WILD WOOD: TIMBERLANDS CENTER FOR DESIGN AND MATERIAL INNOVATION


This design for the University of Arkansas’s Center for Wood and Material Innovation creates a visible public landmark that connects wood research with Arkansas’s mass timber industries and tree thinning best-practices for ecologically responsible forest management. While mills and markets exist for trees over 9” DBH, smaller tree thinnings are often discarded or burned. Our project demonstrates the structural capacities and architectural applications of small wild wood, opening new value chains for large small-scale forests. The building massing is designed to reflect the history of industrial wood production on this site. The six-story tower, with labs, research classrooms and public exhibition space orient to the urban street grid: a vertical landmark visible from the historic Campus and City Centers. The Workshop and work yard plaza are oriented to the historic rail geometry.

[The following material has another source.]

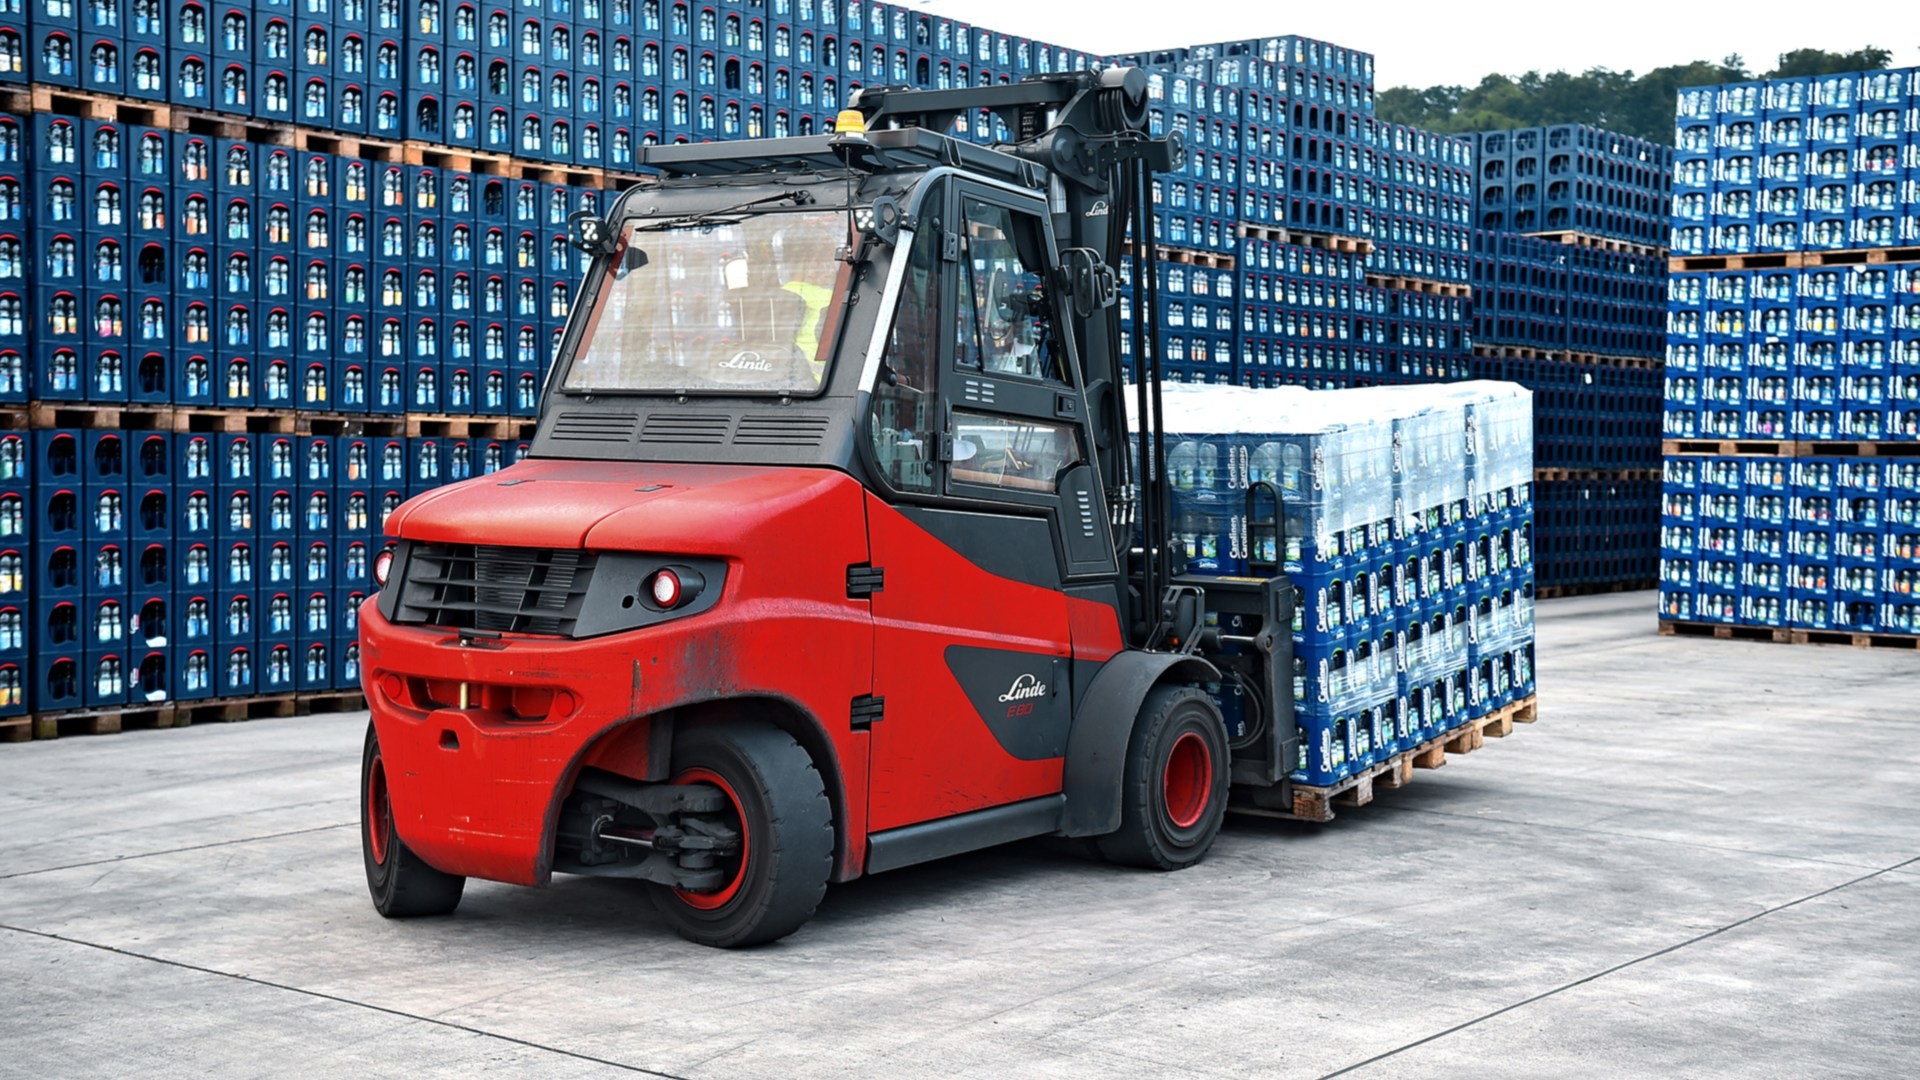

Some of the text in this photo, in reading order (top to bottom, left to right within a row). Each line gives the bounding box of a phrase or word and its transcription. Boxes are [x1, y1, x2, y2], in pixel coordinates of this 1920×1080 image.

The urban and industrial orientations create legible volumes for research and workshop activities with spatial connections in section that bridge between teaching and learning in research and production.


An integrated native forest landscape, visible from Workshop and Auditorium, gives identity to a new creative urban precinct. The qualities of Arkansas’s regional forests – ecological diversity, climate resiliency and tactile pleasure – link wood fabrication, education and research to the daily experience of living trees. The landscape design demonstrates a fully accessible, shared public ground plane with ramps and low walls that connect this steep site—enabling the public Auditorium and other resources to be shared by the Art and Architecture Schools.


The project’s innovative structural system utilizes US sourced glulam members for axial forces together with a lateral bracing network of small-diameter hardwood thinnings from NW Arkansas forests. Using 3D scanning and computation to calculate the structural capacities of thinnings, the project celebrates the diversity of Arkansas trees and demonstrates a new value for wood. The stepped glue laminated wood beams and columns are structurally optimized to reflect the forces they carry. They express the fundamental principle of mass timber: the aggregate layering of wood. The public image of the Timberlands Center balances cost effective manufacturing and structural repetition with the natural exceptionality and diverse variation of tree form.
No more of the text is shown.